_SOURCE RECORDS_
- - - - -

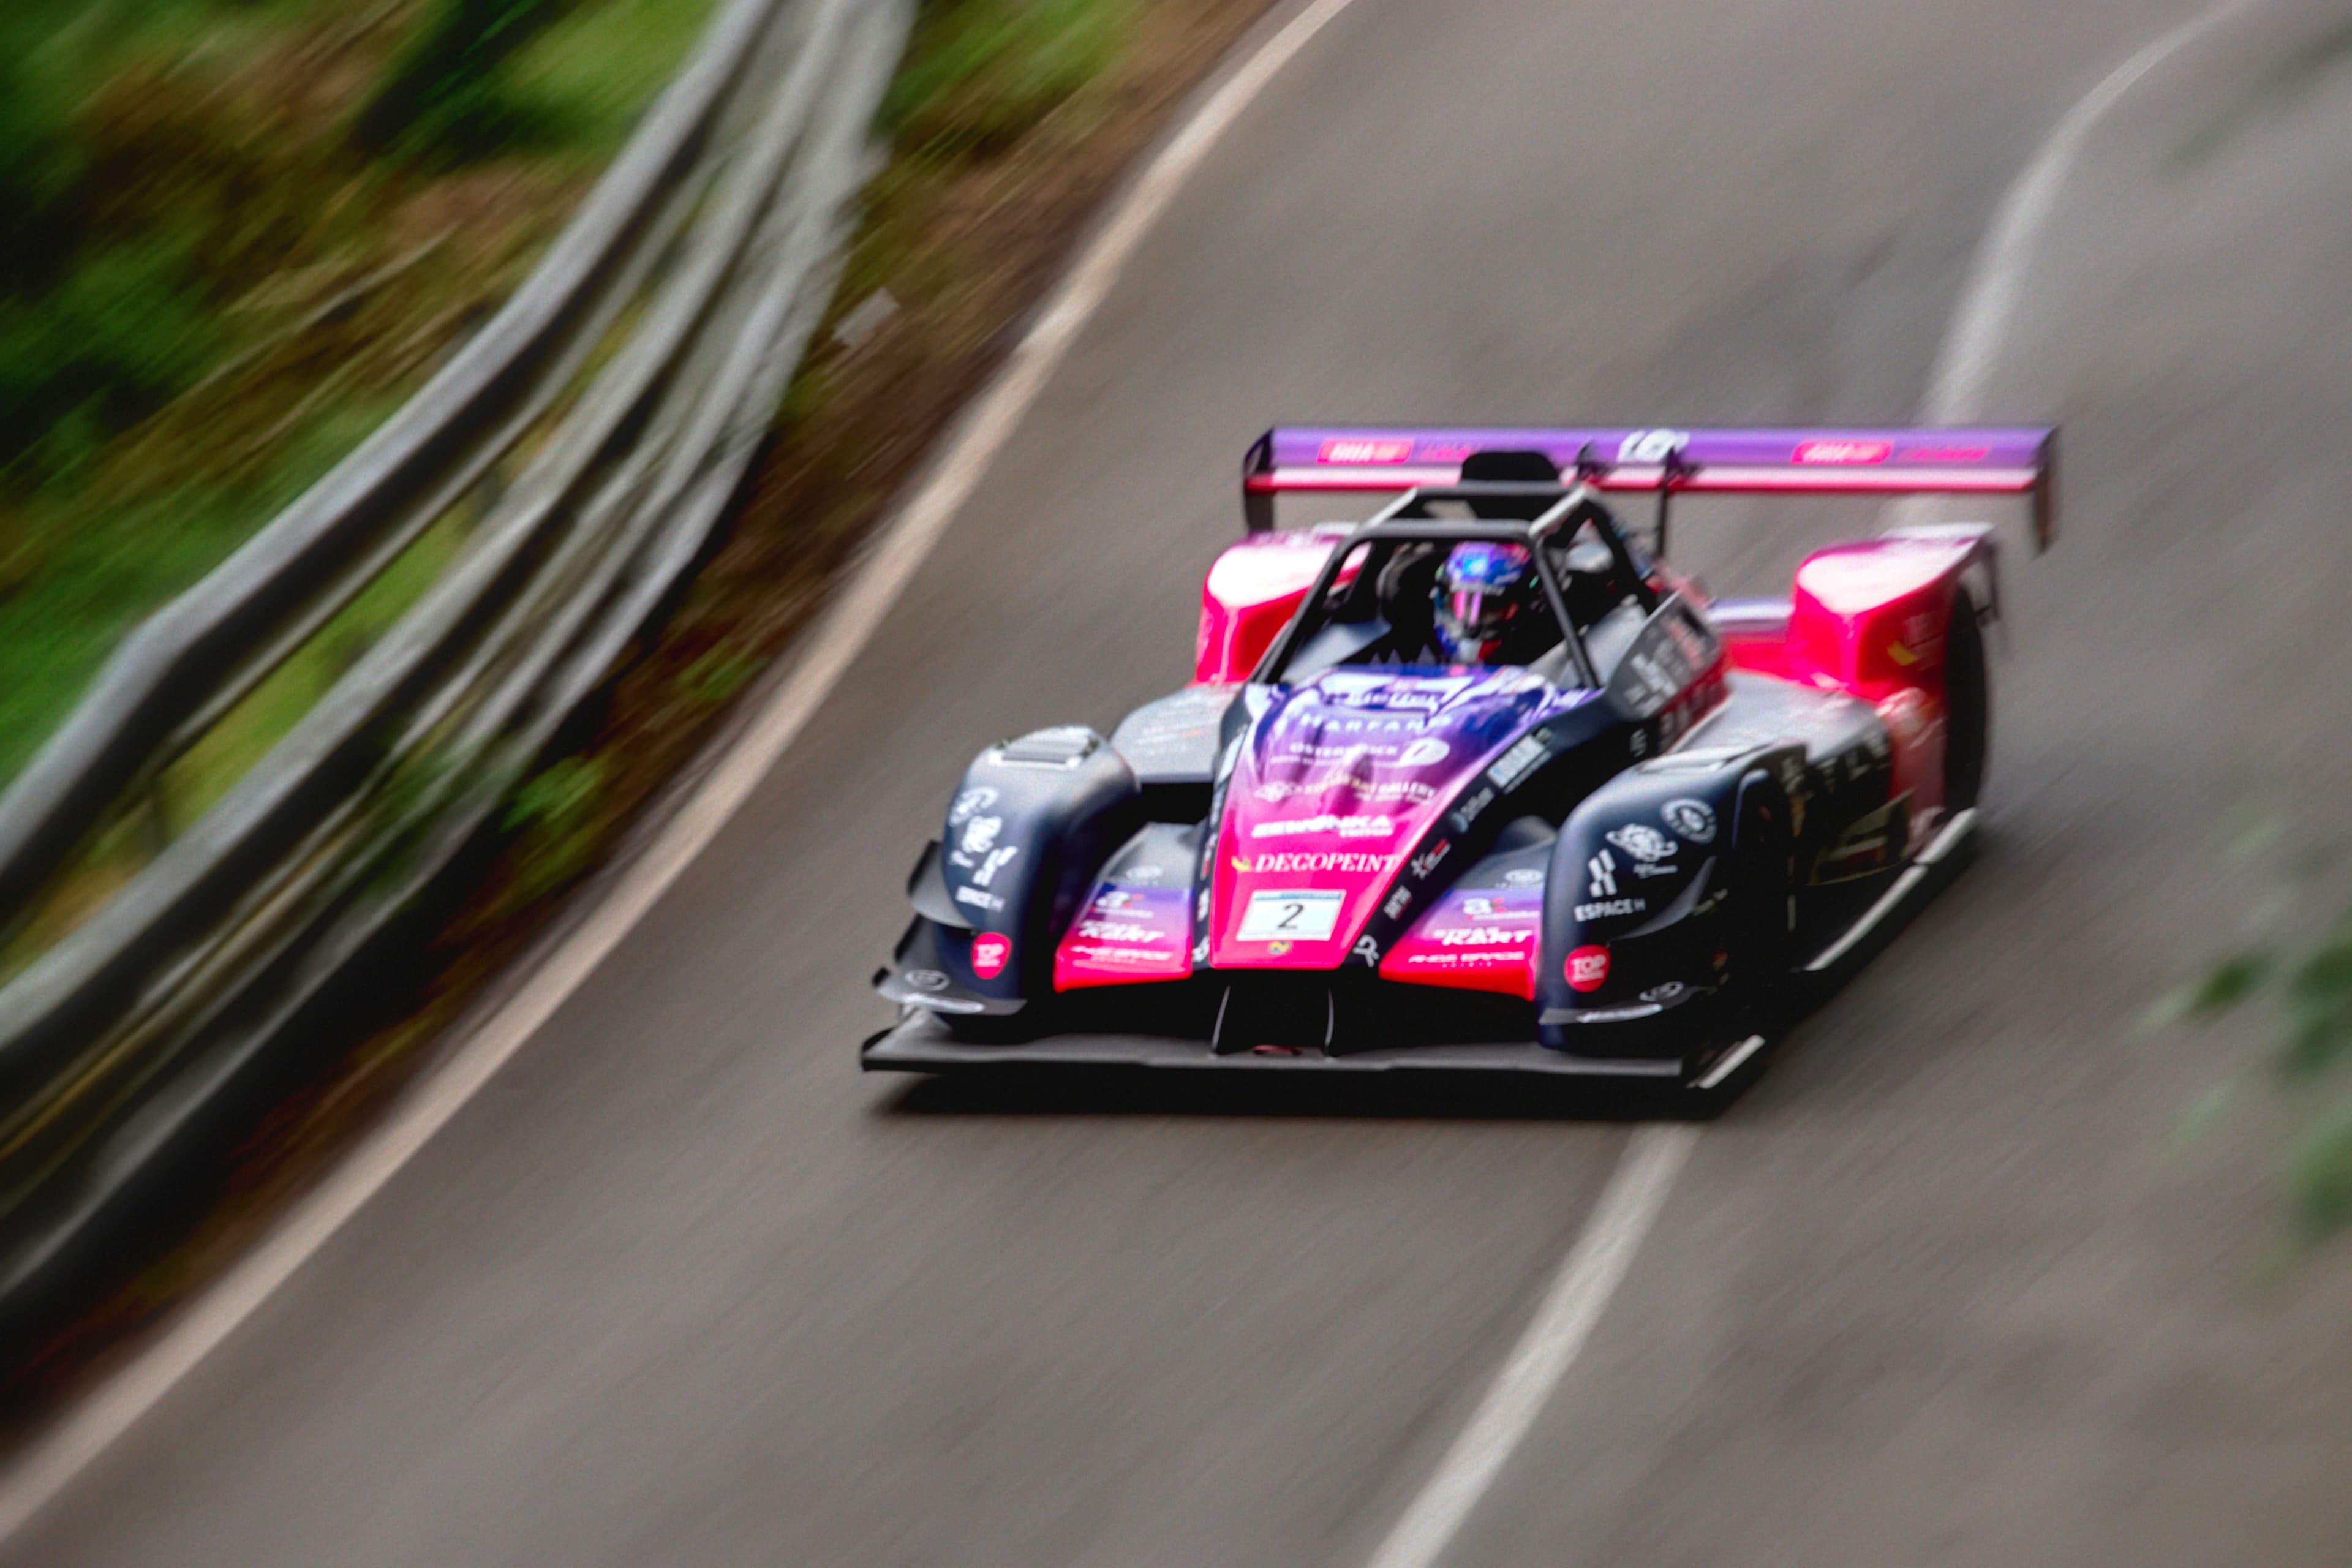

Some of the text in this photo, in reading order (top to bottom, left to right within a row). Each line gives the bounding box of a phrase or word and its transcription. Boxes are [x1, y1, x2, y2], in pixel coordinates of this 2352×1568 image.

[1256, 852, 1400, 872] DECOPEINT
[1277, 903, 1305, 929] 2
[1574, 899, 1633, 922] ESPACE
[1570, 954, 1607, 974] TOP
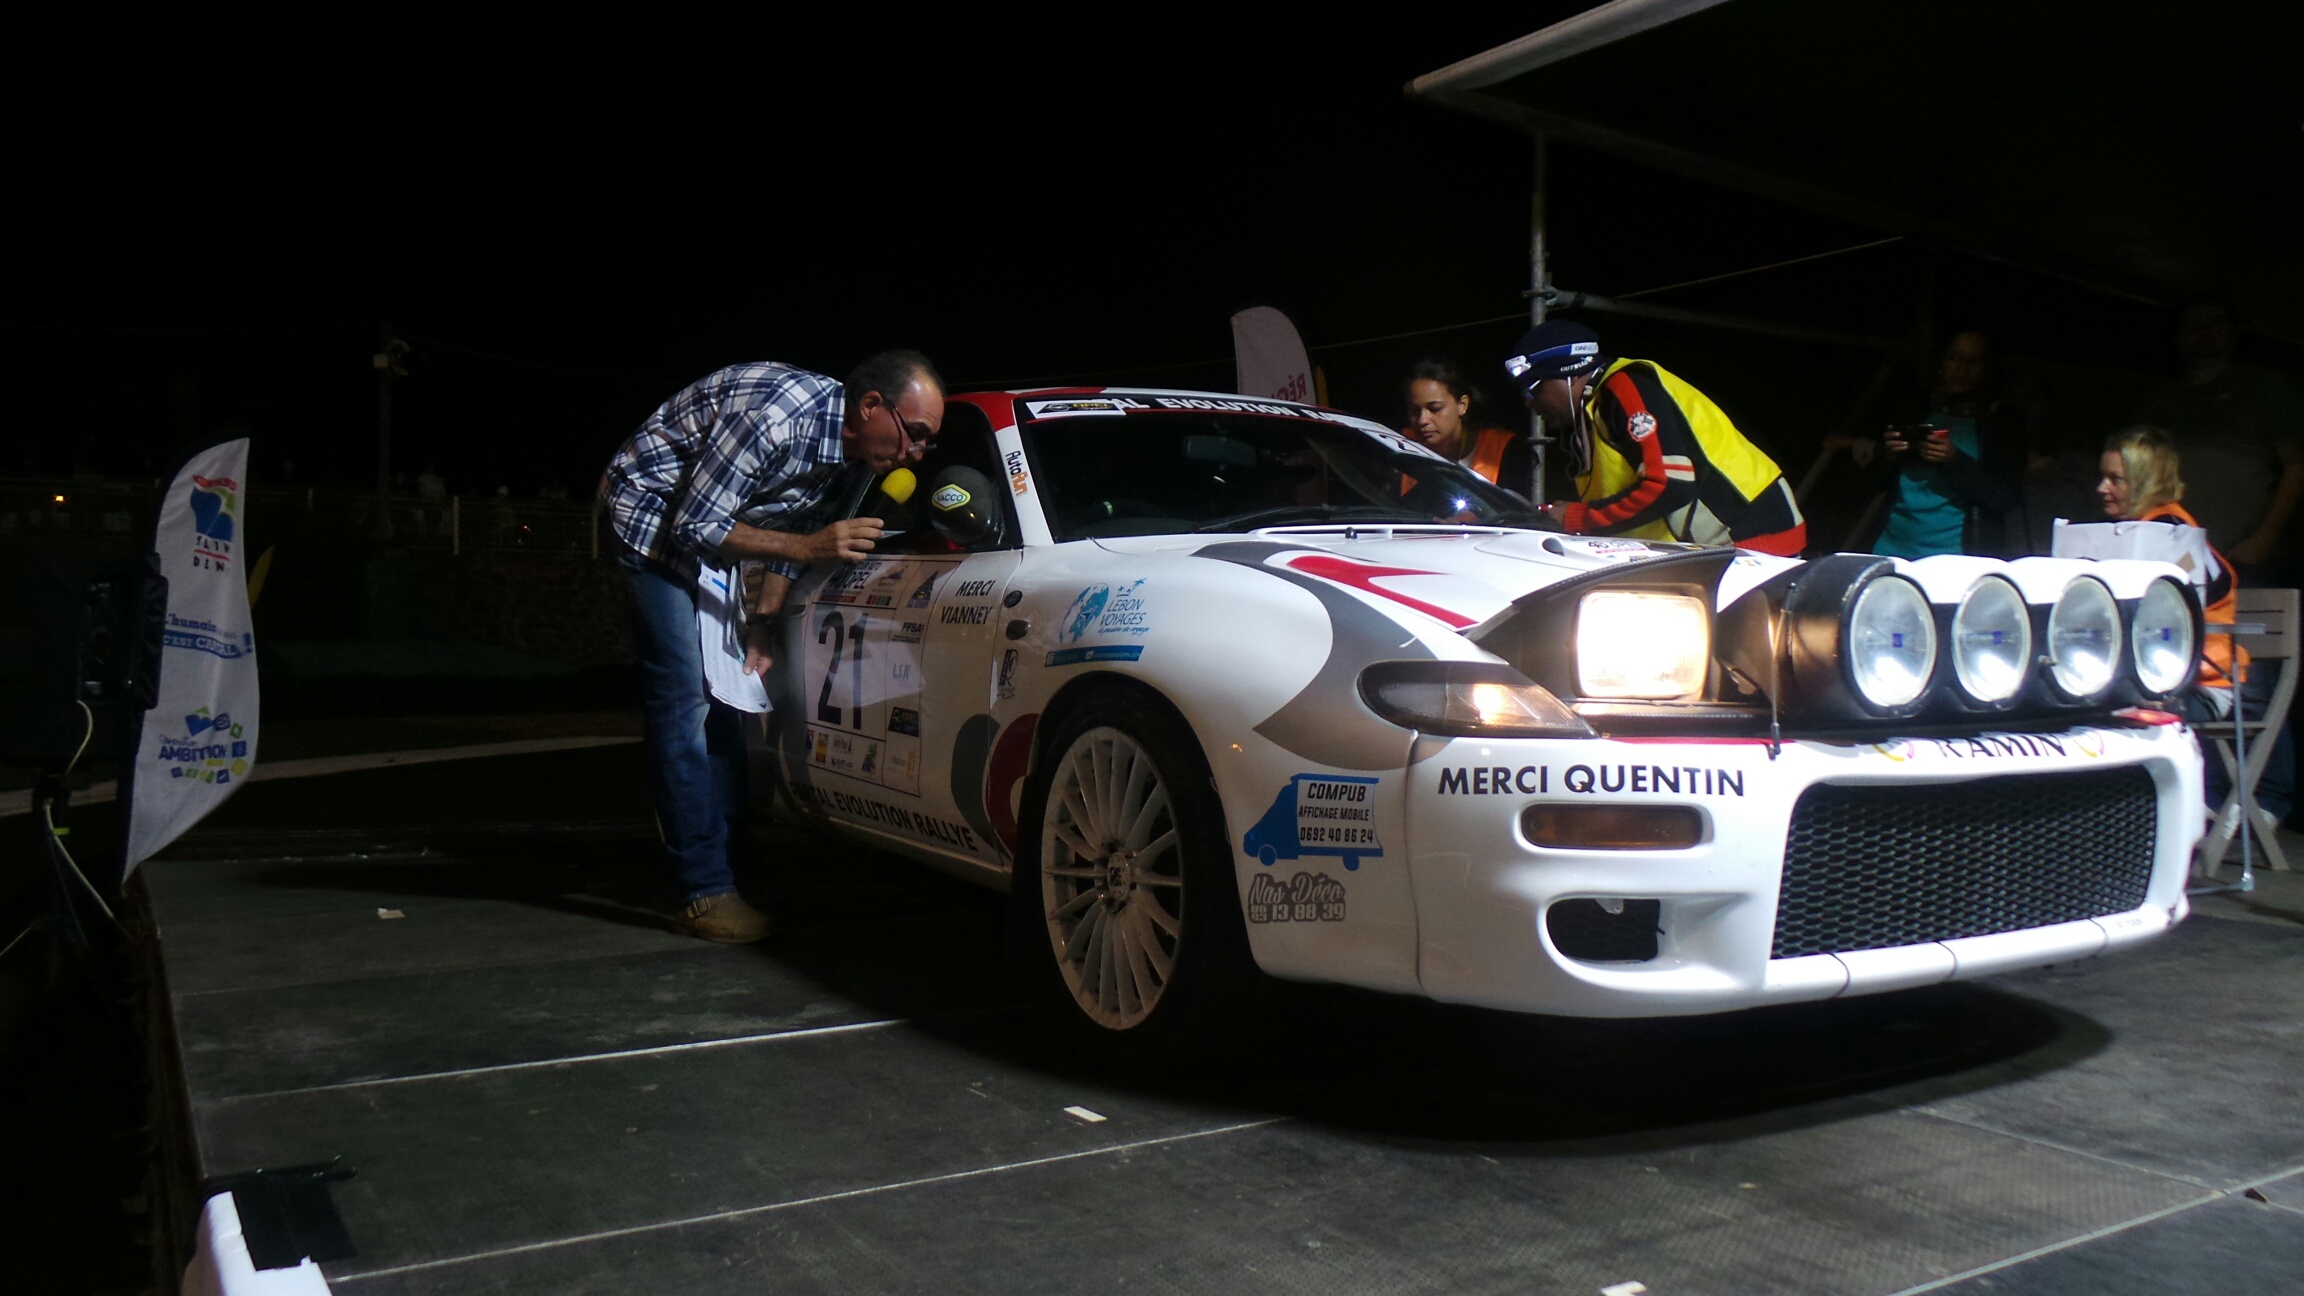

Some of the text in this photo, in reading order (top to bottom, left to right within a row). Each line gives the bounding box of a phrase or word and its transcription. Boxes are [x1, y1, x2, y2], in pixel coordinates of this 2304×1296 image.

[1154, 398, 1300, 417] EVOLUTION
[936, 493, 964, 502] YACCO
[955, 580, 996, 597] MERCI
[1106, 598, 1145, 612] LEBON
[941, 606, 993, 625] VIANNEY
[1101, 612, 1147, 626] VOYAGES
[817, 611, 869, 731] 21
[158, 744, 227, 762] AMBITION
[1438, 763, 1745, 797] MERCI QUENTIN
[1307, 782, 1367, 802] COMPUB
[836, 790, 914, 832] EVOLUTION
[914, 813, 978, 852] RALLYE
[1298, 805, 1370, 821] AFFICHAGE MOBILE
[1300, 826, 1326, 842] 0692
[1328, 827, 1341, 842] 40
[1360, 828, 1374, 844] 24
[1250, 873, 1344, 906] Nas Déco
[1272, 903, 1289, 920] 13
[1294, 903, 1317, 920] 88
[1323, 902, 1345, 920] 39
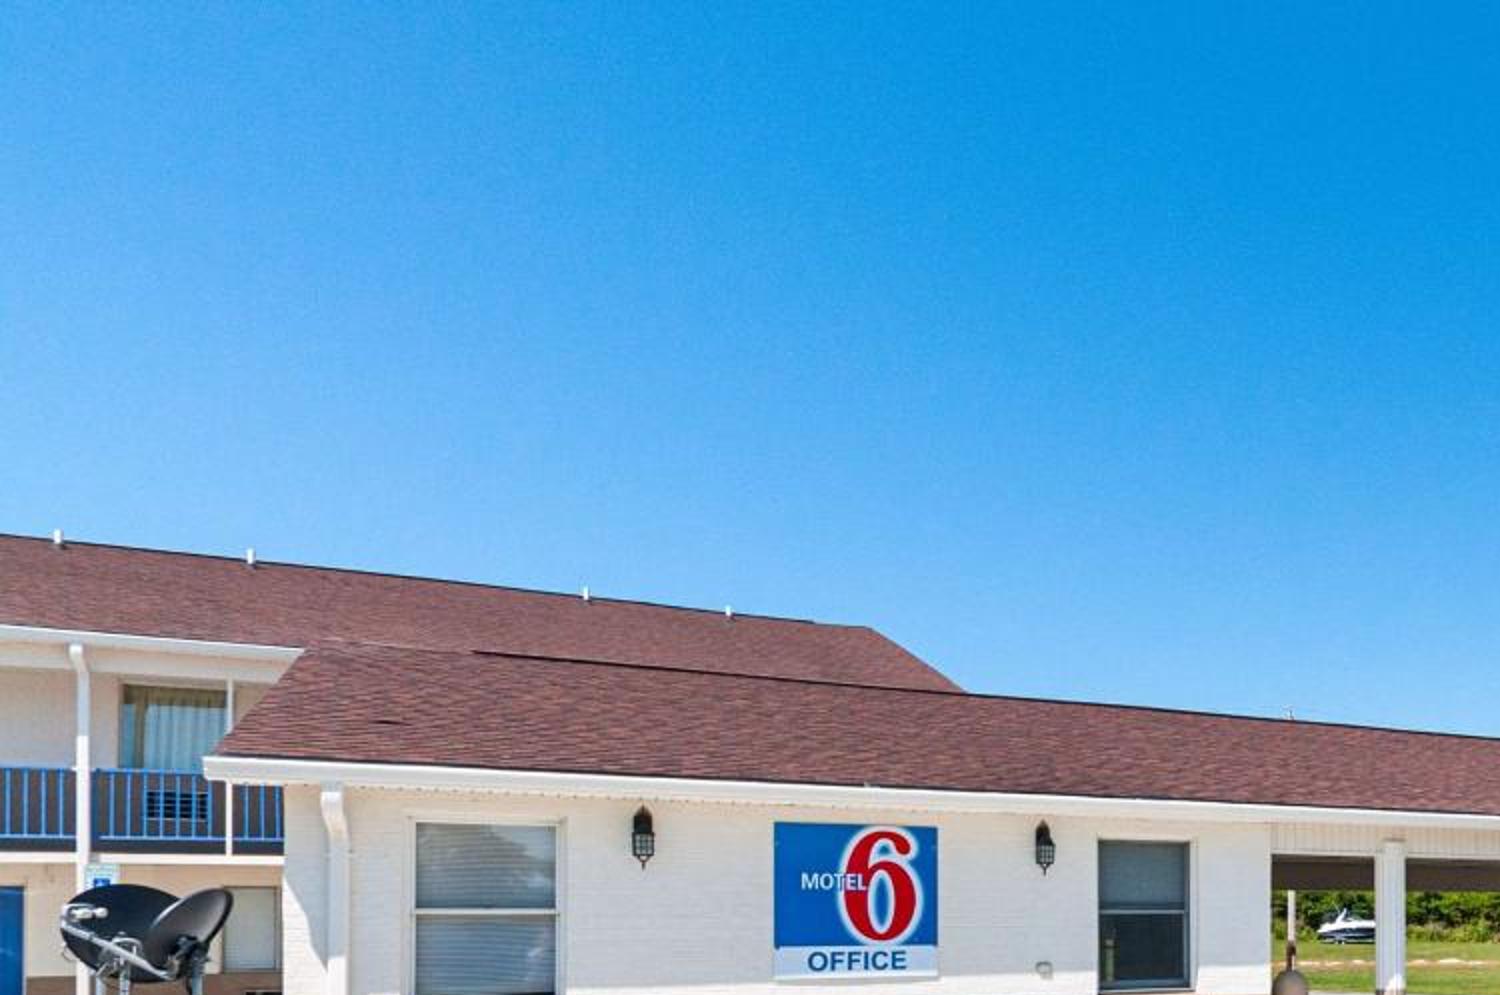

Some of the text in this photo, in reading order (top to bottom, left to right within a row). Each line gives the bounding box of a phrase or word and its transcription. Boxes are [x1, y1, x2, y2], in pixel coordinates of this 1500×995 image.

[800, 828, 919, 943] MOTEL 6
[807, 950, 908, 972] OFFICE

- - - - -

_ASSIGNMENT_
Each entry, word for word, belongs in your answer; each picture does not.

_FINISHED TASK_
Some of the text in this photo, in reading order (top to bottom, left to right within a row). Each line gives the bounding box of a phrase or word and its transcription. Boxes are [x1, y1, x2, y2], in pixel coordinates of this 2352×1568 image.

[1256, 852, 1400, 872] DECOPEINT
[1277, 903, 1305, 929] 2
[1574, 899, 1633, 922] ESPACE
[1570, 954, 1607, 974] TOP

Some of the text in this photo, in reading order (top to bottom, left to right within a row). Each line gives the bounding box of a phrase or word and its transcription. Boxes are [x1, y1, x2, y2], in pixel coordinates of this 2304×1296 image.

[1154, 398, 1300, 417] EVOLUTION
[936, 493, 964, 502] YACCO
[955, 580, 996, 597] MERCI
[1106, 598, 1145, 612] LEBON
[941, 606, 993, 625] VIANNEY
[1101, 612, 1147, 626] VOYAGES
[817, 611, 869, 731] 21
[158, 744, 227, 762] AMBITION
[1438, 763, 1745, 797] MERCI QUENTIN
[1307, 782, 1367, 802] COMPUB
[836, 790, 914, 832] EVOLUTION
[914, 813, 978, 852] RALLYE
[1298, 805, 1370, 821] AFFICHAGE MOBILE
[1300, 826, 1326, 842] 0692
[1328, 827, 1341, 842] 40
[1360, 828, 1374, 844] 24
[1250, 873, 1344, 906] Nas Déco
[1272, 903, 1289, 920] 13
[1294, 903, 1317, 920] 88
[1323, 902, 1345, 920] 39

Some of the text in this photo, in reading order (top to bottom, left to right within a row). Each line gives the bounding box of a phrase or word and its transcription. Boxes are [x1, y1, x2, y2], in pixel coordinates of this 1500×995 image.

[800, 828, 919, 943] MOTEL 6
[807, 950, 908, 972] OFFICE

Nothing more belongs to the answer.